Video games have been with us for over 50 years. While home consoles are still a relatively youthful invention, the creation and development of gaming traces its roots back to the 1950s. I sat down with Harold Goldberg, author of All Your Base Are Belong to Us: How 50 Years of Video Games Conquered Pop Culture, to discuss his new book and his views on adapting it to cultural and historical studies on an academic level.

Gaming's cultural impact is profound, and All Your Base Are Belong to Us gives the key to understanding how it shifted from a hobby to a new entertainment industry.


Could you give us a little recap about what your book is about?

Harold Goldberg: The book is a narrative history of video games that takes us from its origins with Tennis for Two at the Brookhaven National Laboratory on Long Island to what I think might be the future with possibly holographic games. The underlying connector is how games change pop culture, so it's not really a complete encyclopedia. It's more like a record of the games I thought would move the industry along to eventually become popular art of some sort.

That's a good point. This isn't a complete history, but it is touching upon great landmarks in gaming history. I was particularly fascinated by the founding of Atari.

Do you think to appreciate games, beyond their enjoyment factor, gamers should be looking into these stories?

HG: I wrote the book for gamers first, and people who are probably playing now. Say someone just picks up Call of the Dead and they say, "Well, where did that come from?" I think if you pick up my book you'll get an inkling about how games became such huge pop culture phenomenon.

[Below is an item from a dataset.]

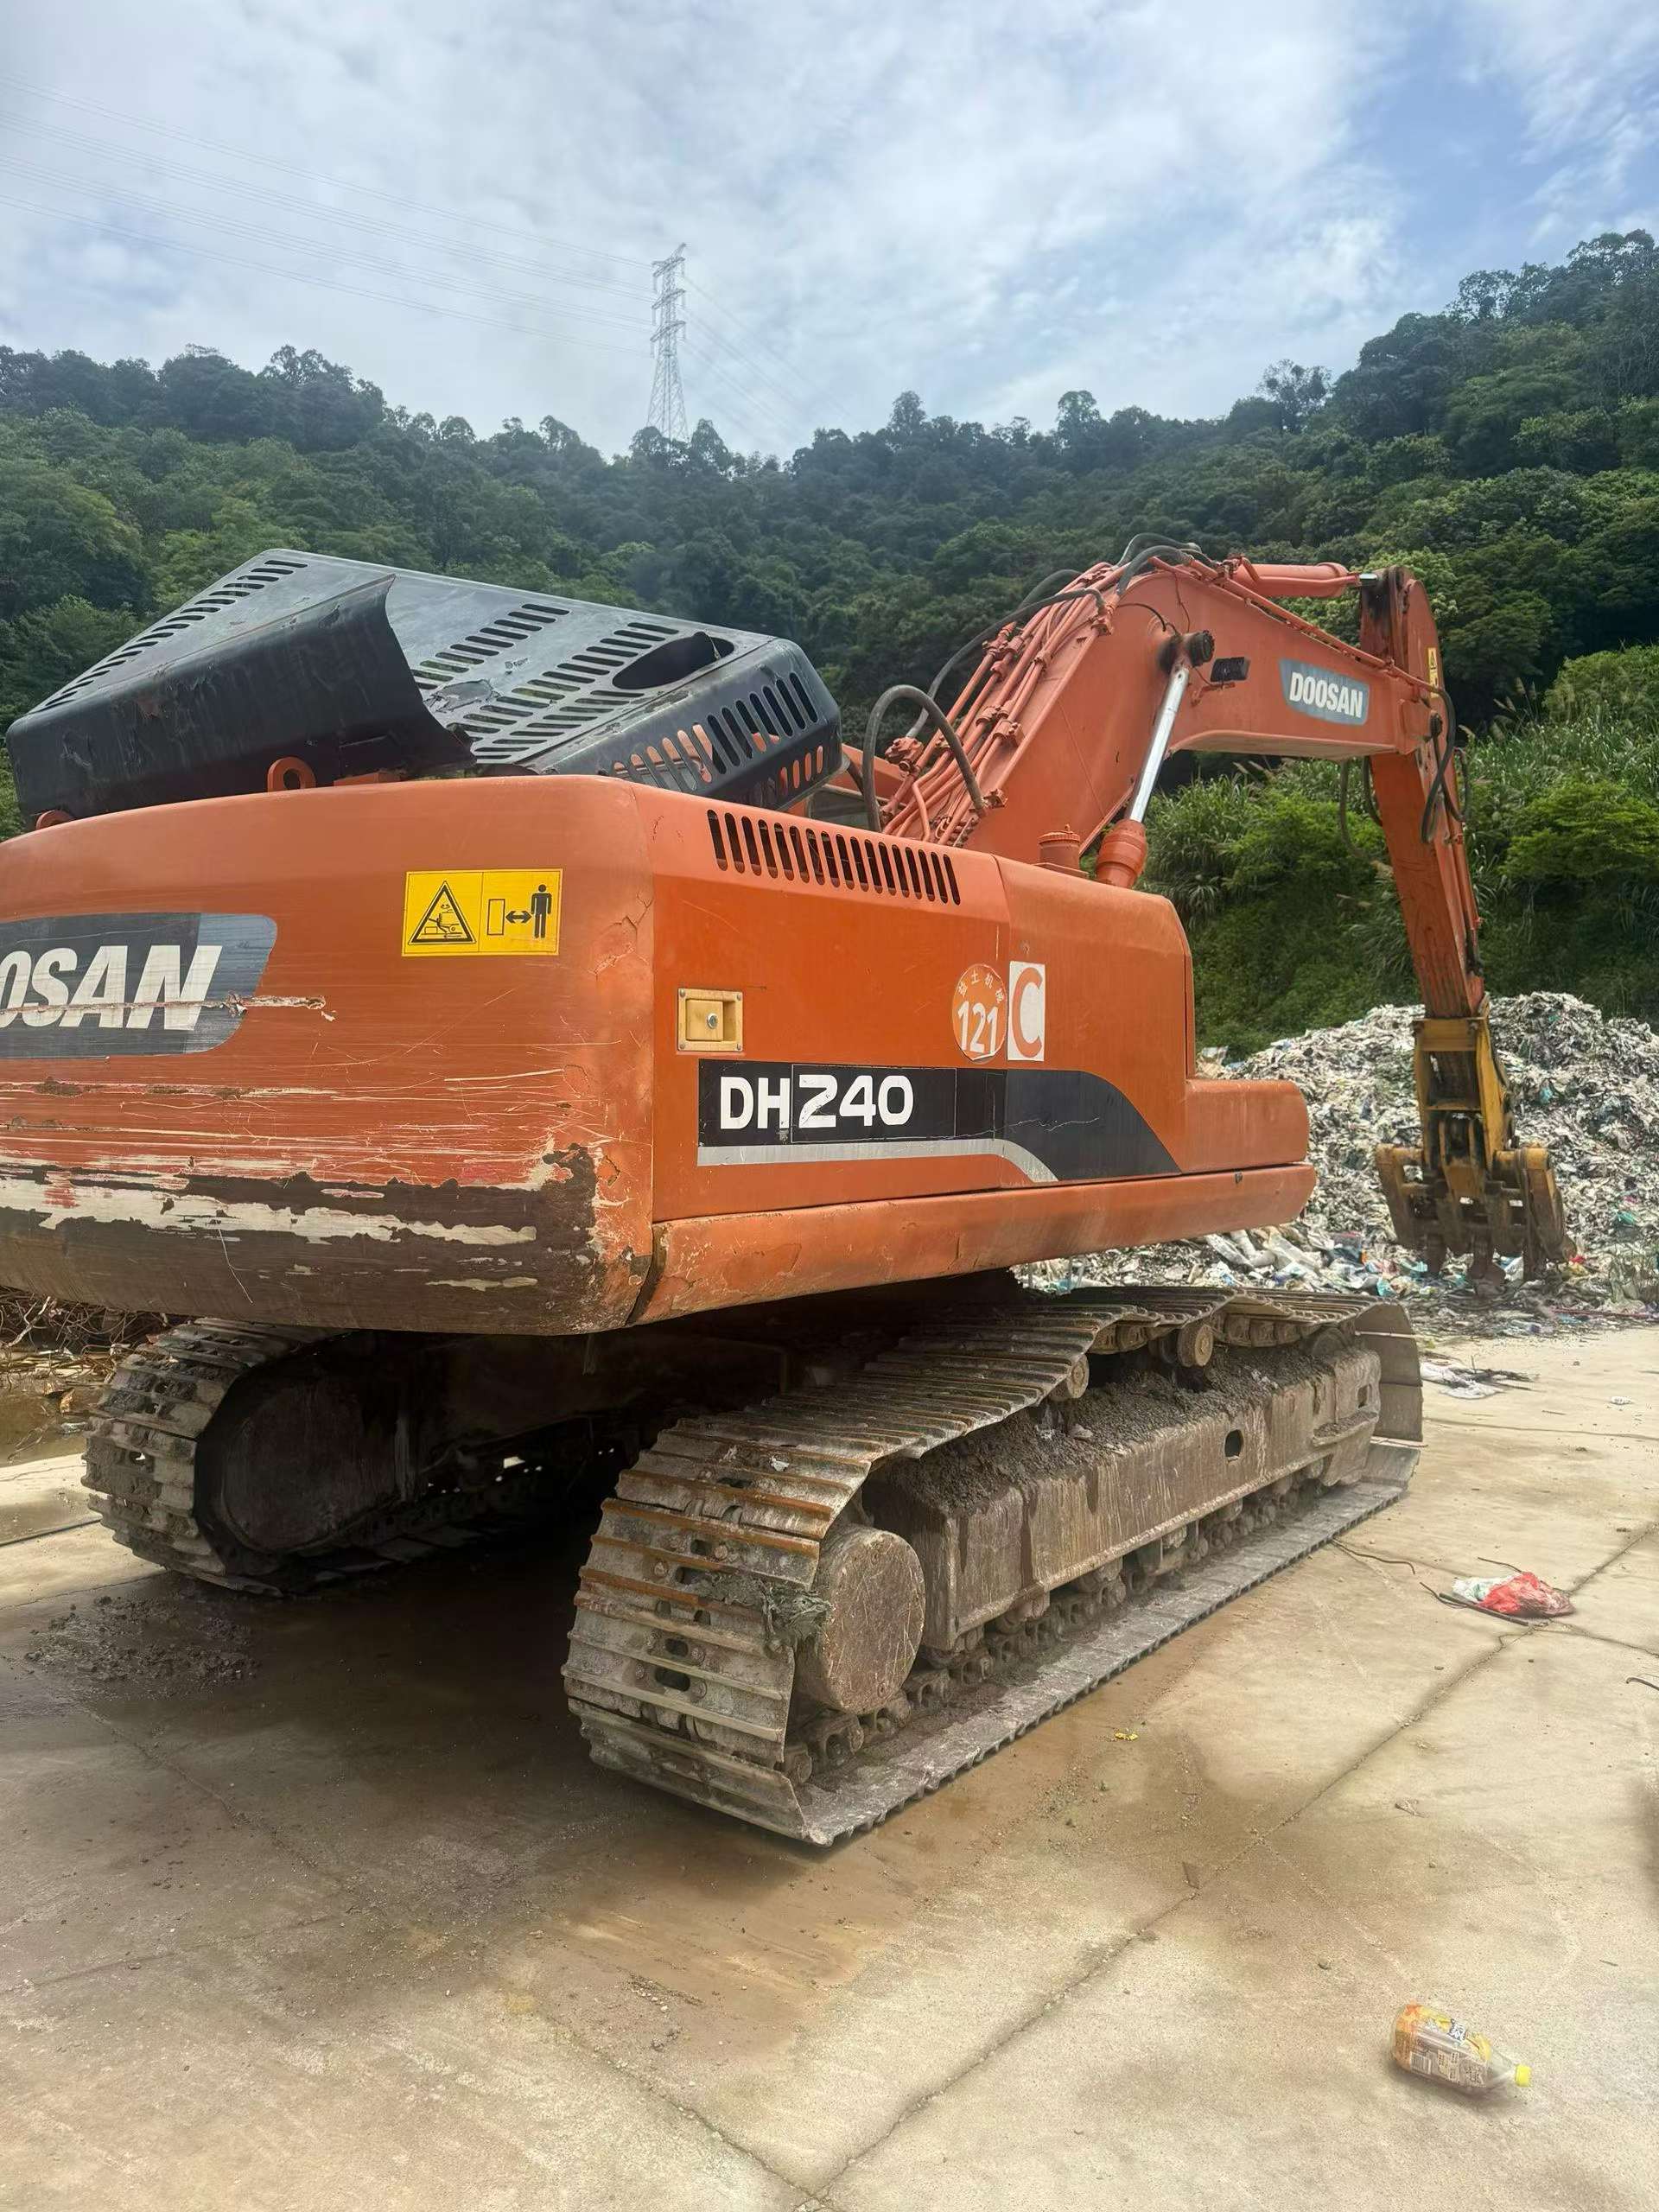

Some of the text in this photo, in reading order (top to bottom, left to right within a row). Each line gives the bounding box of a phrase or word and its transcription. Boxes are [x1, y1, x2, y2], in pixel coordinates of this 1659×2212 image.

What I see with this zombie version of Call of Duty is a change where people from other media are flocking to games, so in that particular DLC you'll see Buffy the Vampire Slayer, Robert Englund, George Romero -- people you recognize from film and television, and I think that's the way it should be. It's a long-winded answer, but I think if you read this book you'll not only be much more knowledgeable about games but understand how we got to Call of Duty, Red Dead Redemption, and things like that.

 

If the study of games evolves, should it be part of the curriculum for communications, history, and cultural anthropology students?

HG: I think so. Whenever I go to the Game Developer's Conference (GDC) and sit in on panels and sessions, I feel this great absorption of knowledge for all kinds of area of study. I think it's happening now. One of my favorite references is Nina Fefferman at Rutgers who studies disease. She studied the virus in World of Warcraft to help her students understand how real-life diseases affect us.

So games shouldn't be their own category of study but rather a tool used by several fields?

HG: I think there should be a focused study on gaming itself, but I also feel that these other disciplines should be, and clearly are, using it in their own fields.

You painted a much more positive picture of the ELORG and Tetris situation than the documentary Tetris: From Russia with Love and made it seem a little more hopeful.

HG: In life I'm cynical but hopeful, and I feel that was my take on it and most of the book. While I don't feel it's a fanboy essence, I do think it's important to be generally hopeful and perhaps show people who have negative feelings about the game industry how wonderful and creative it can be.

In that same story, you didn't focus much on the Atari aspect of the situation. Was it a conscious choice not to go into the war between Nintendo and Atari?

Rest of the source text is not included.